▶ _What is needed_
What this exercise needs is every entry restated as written, with no pictures.

▶ _Record excerpts_
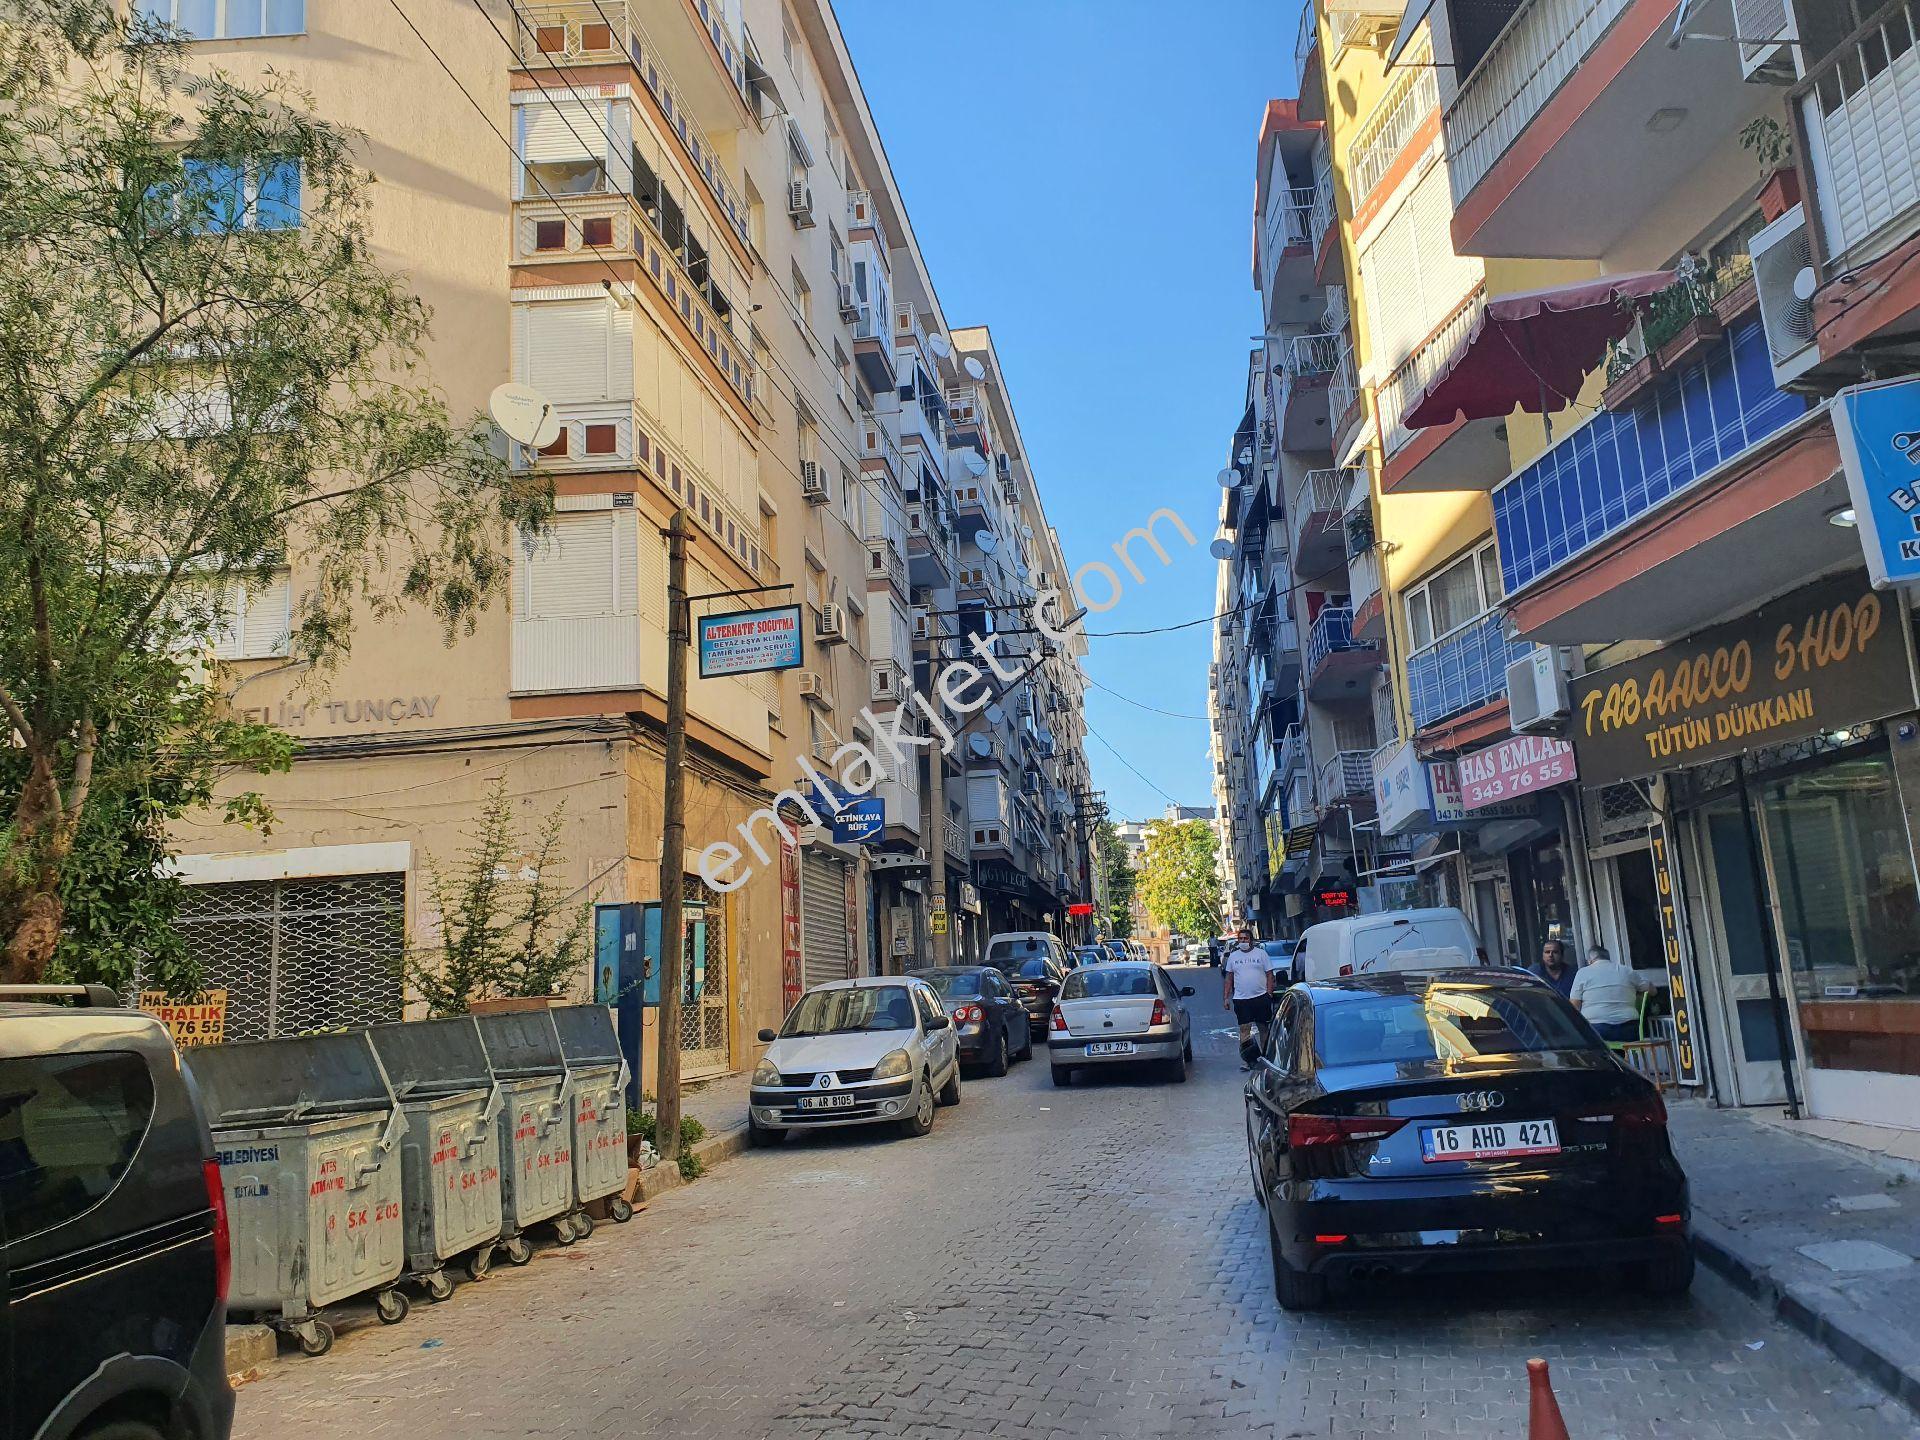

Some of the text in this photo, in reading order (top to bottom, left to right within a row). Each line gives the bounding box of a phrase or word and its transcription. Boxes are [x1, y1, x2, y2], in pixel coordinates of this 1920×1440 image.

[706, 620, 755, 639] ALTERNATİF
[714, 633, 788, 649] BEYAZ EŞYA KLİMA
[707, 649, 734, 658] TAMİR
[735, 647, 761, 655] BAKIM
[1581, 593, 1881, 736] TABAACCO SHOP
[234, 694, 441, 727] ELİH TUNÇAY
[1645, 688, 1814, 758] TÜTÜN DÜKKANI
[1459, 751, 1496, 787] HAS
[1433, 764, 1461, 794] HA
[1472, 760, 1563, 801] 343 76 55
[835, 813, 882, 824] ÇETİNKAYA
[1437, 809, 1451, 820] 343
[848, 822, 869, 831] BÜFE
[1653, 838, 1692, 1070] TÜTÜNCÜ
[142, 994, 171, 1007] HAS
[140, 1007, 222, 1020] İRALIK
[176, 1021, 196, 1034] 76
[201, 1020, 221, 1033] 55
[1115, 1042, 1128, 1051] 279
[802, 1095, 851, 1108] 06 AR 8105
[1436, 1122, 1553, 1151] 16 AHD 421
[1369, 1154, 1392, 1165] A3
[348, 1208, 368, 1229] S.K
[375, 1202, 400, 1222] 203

▶ _Your response_
Some of the text in this photo, in reading order (top to bottom, left to right within a row). Each line gives the bounding box of a phrase or word and its transcription. Boxes are [x1, y1, x2, y2], in pixel coordinates of this 1920×1440 image.

[706, 620, 755, 639] ALTERNATİF
[714, 633, 788, 649] BEYAZ EŞYA KLİMA
[707, 649, 734, 658] TAMİR
[735, 647, 761, 655] BAKIM
[1581, 593, 1881, 736] TABAACCO SHOP
[234, 694, 441, 727] ELİH TUNÇAY
[1645, 688, 1814, 758] TÜTÜN DÜKKANI
[1459, 751, 1496, 787] HAS
[1433, 764, 1461, 794] HA
[1472, 760, 1563, 801] 343 76 55
[835, 813, 882, 824] ÇETİNKAYA
[1437, 809, 1451, 820] 343
[848, 822, 869, 831] BÜFE
[1653, 838, 1692, 1070] TÜTÜNCÜ
[142, 994, 171, 1007] HAS
[140, 1007, 222, 1020] İRALIK
[176, 1021, 196, 1034] 76
[201, 1020, 221, 1033] 55
[1115, 1042, 1128, 1051] 279
[802, 1095, 851, 1108] 06 AR 8105
[1436, 1122, 1553, 1151] 16 AHD 421
[1369, 1154, 1392, 1165] A3
[348, 1208, 368, 1229] S.K
[375, 1202, 400, 1222] 203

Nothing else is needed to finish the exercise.